=== What the task requires ===
Take every record and write it out again exactly, with no images included.

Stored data
┌──
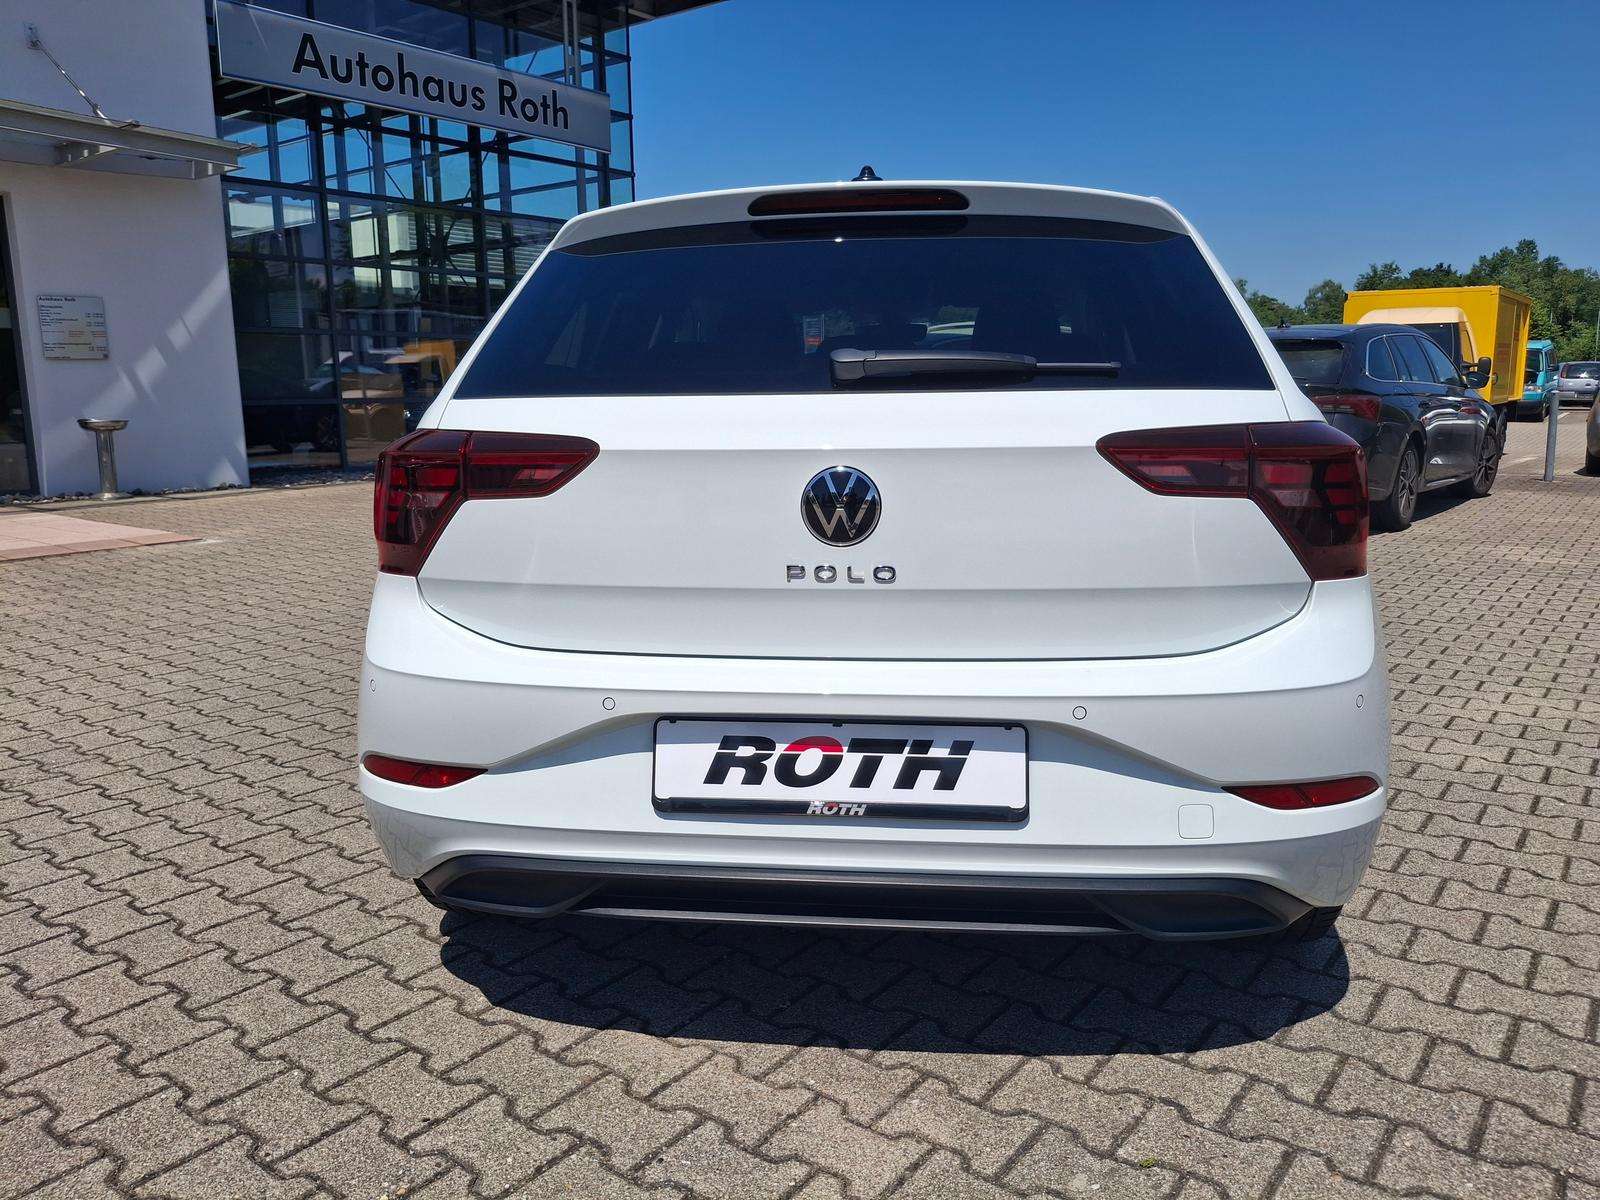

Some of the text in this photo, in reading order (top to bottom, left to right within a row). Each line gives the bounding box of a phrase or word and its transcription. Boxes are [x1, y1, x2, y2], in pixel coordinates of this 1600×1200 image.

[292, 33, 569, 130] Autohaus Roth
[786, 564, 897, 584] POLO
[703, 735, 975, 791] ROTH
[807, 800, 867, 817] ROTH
└──
=== Task solution ===
Some of the text in this photo, in reading order (top to bottom, left to right within a row). Each line gives the bounding box of a phrase or word and its transcription. Boxes are [x1, y1, x2, y2], in pixel coordinates of this 1600×1200 image.

[292, 33, 569, 130] Autohaus Roth
[786, 564, 897, 584] POLO
[703, 735, 975, 791] ROTH
[807, 800, 867, 817] ROTH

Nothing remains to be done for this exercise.